%%

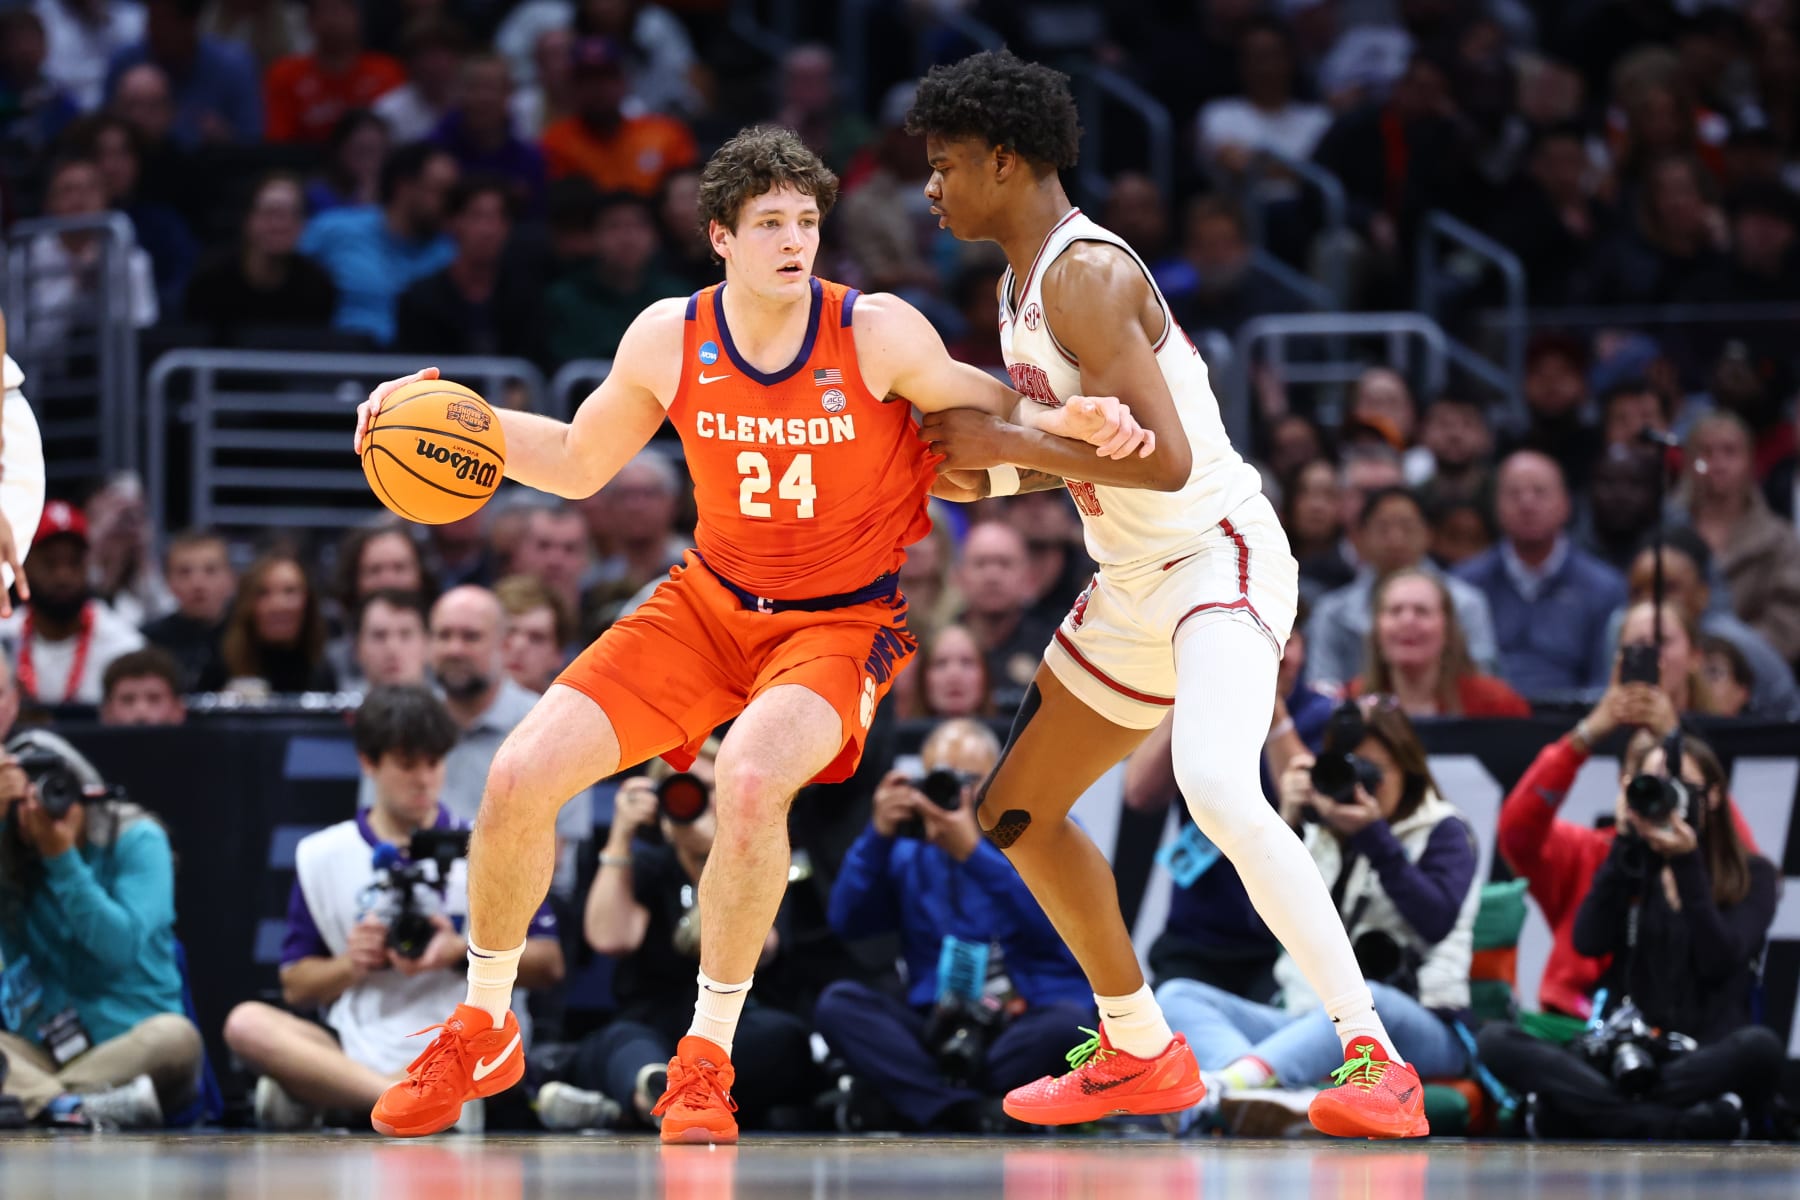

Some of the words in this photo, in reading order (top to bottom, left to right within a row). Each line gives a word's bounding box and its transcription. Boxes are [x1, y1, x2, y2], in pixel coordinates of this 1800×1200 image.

[827, 396, 843, 404] ACC
[696, 410, 856, 446] CLEMSON
[416, 438, 497, 488] Wilson
[736, 451, 817, 519] 24

%%

• [What to produce]: Although the records above contain pictures, only their text is to be repeated, exactly as given.

• [Result for this task]:
Some of the words in this photo, in reading order (top to bottom, left to right within a row). Each line gives a word's bounding box and its transcription. Boxes are [x1, y1, x2, y2], in pixel coordinates of this 1800×1200 image.

[827, 396, 843, 404] ACC
[696, 410, 856, 446] CLEMSON
[416, 438, 497, 488] Wilson
[736, 451, 817, 519] 24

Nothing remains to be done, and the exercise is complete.